Photo: Sazzad Ibne Sayed
The idea of mushrooms as a food is an ancient one. However, in our country, the notion of eating mushrooms is a fairly new one. Just a couple of decades ago, edible mushrooms did not make it to the league of popular foods. Even today, they are not exactly a ‘mainstream’ food. But the mushroom's reputation is spreading steadfastly.
From a delicious and nutritious food to a useful ingredient to being a way of bringing self-employment or self-reliance, mushrooms seem so much more than just being a ‘banger chata.’

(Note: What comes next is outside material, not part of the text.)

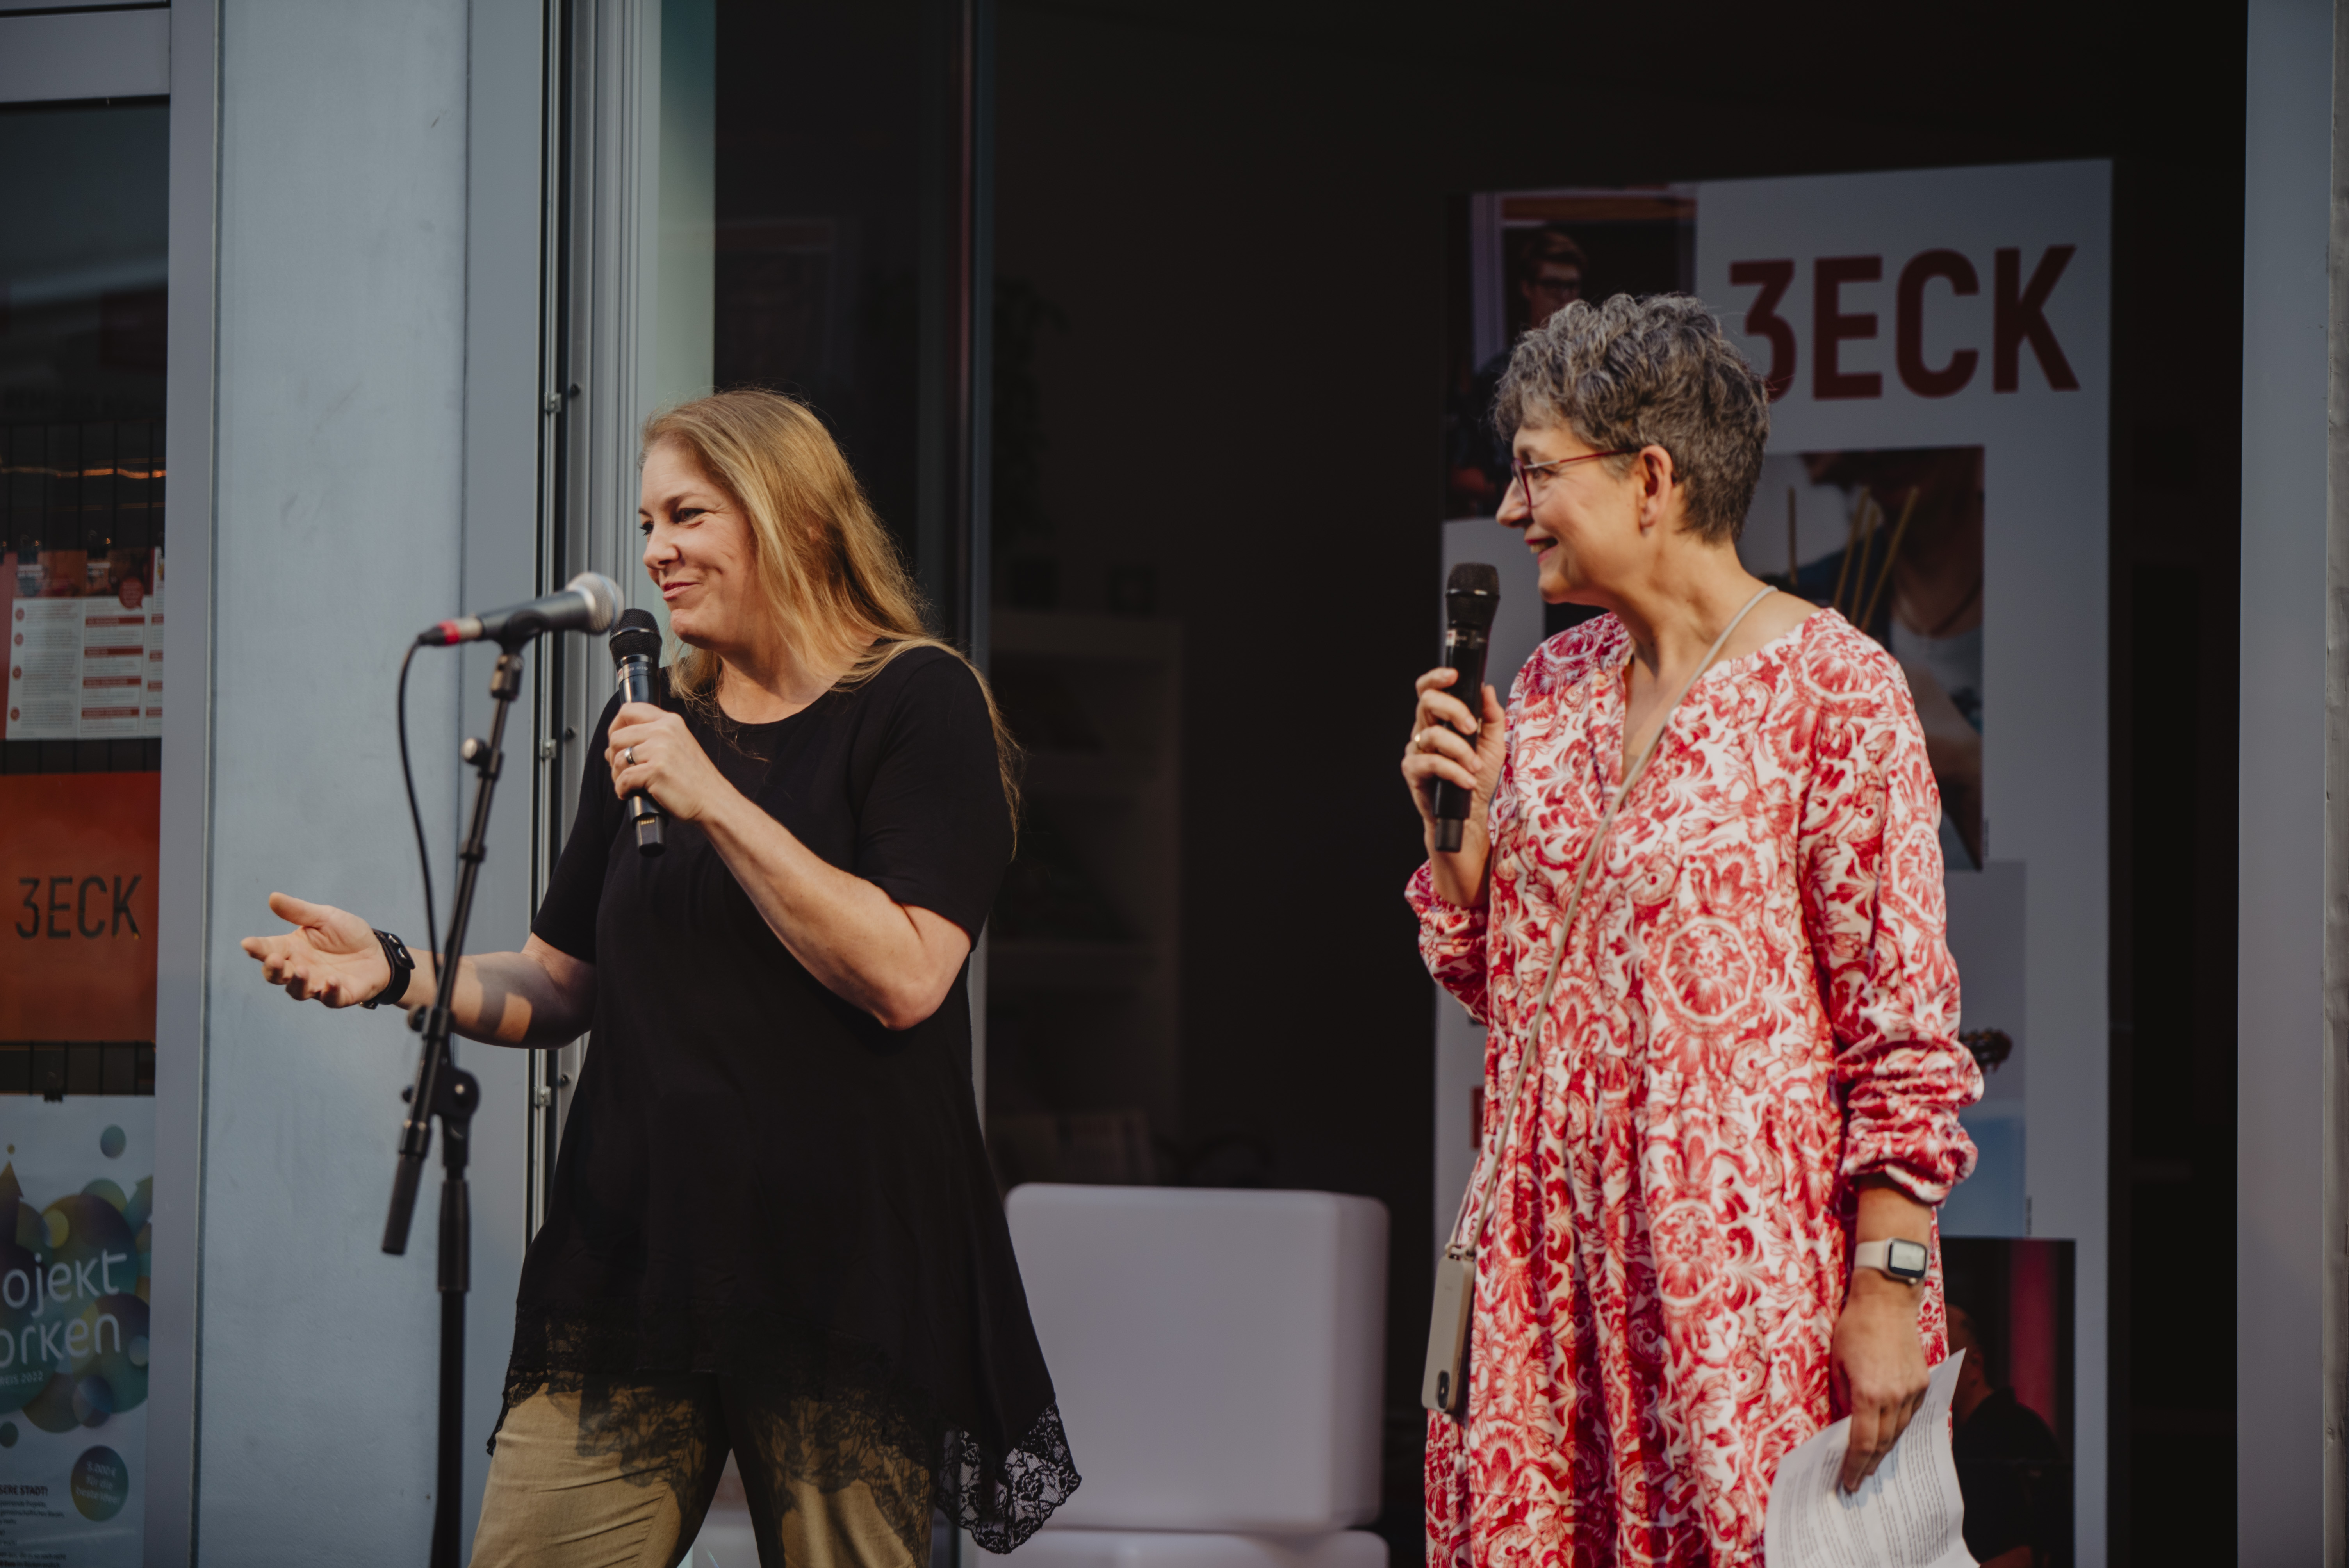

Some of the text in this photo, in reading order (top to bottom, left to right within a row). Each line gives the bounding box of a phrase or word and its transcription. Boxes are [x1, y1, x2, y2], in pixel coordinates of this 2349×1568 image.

[1728, 243, 2081, 403] 3ECK
[15, 875, 142, 939] 3ECK
[20, 1370, 43, 1384] 2022
[20, 1484, 48, 1496] STADT!

Read Star Lifestyle on Tuesday, 2 September 2014 to know about the different types of edible mushrooms, where to buy them from and at what prices.
Also on the same issue will be a bunch of mushroom recipes -- by our food columnist, Rukhsara Osman.
Can’t wait, here's a recipe.
Mushroom in red chilli sauce
8 red dried chilies (seeds removed of 4 only)
1 small white onion, chopped
2 garlic cloves
½ teaspoon ground cumin
2 cups chicken stock (preferably non-cube ones)
2 tbsp olive oil, divided
1–2 tbsp sugar
Salt and freshly ground black pepper
½ cup milk + mix with 1 tsp corn flour
2 tbsp fresh lime juice
4 Italian sausage (from Bengal Meat)
12 button mushrooms, quartered
1 tsp dried oregano
Place chillies in a small bowl and add boiling water to cover. Let it sit until softened, which will take about 15 minutes. Drain chillies. Purée chillies, onion, garlic, cumin, 2 cups stock, 1 tablespoon oil, and 1 tablespoon sugar in a blender until smooth, adding more broth by the tablespoonful to thin sauce as needed. It should be consistency of whole milk. Season the chilli sauce with salt, pepper, and additional 1 tablespoon sugar, if needed. Cut the sausage length wise and take the meat out.
Heat the remaining 1 tablespoon oil in a large nonstick pan over medium heat. At this point, add the sausage meat and fry for 1 minute than add the mushrooms. Fry for another 4 minutes.
Note: You can add a finely chopped onion before adding the sausage meat if you like. It would give a slight sweetness to the meat.
Now add the chilli sauce and bring to a boil, reduce heat, and simmer, add the lime juice and dried oregano, stir occasionally for 5 minutes. Whisk the milk and corn flour together and add to the pan. It will slightly thicken immediately. Stir it in thoroughly, and let it simmer for 2-3 minutes. Serve over a bed of creamy mashed potatoes.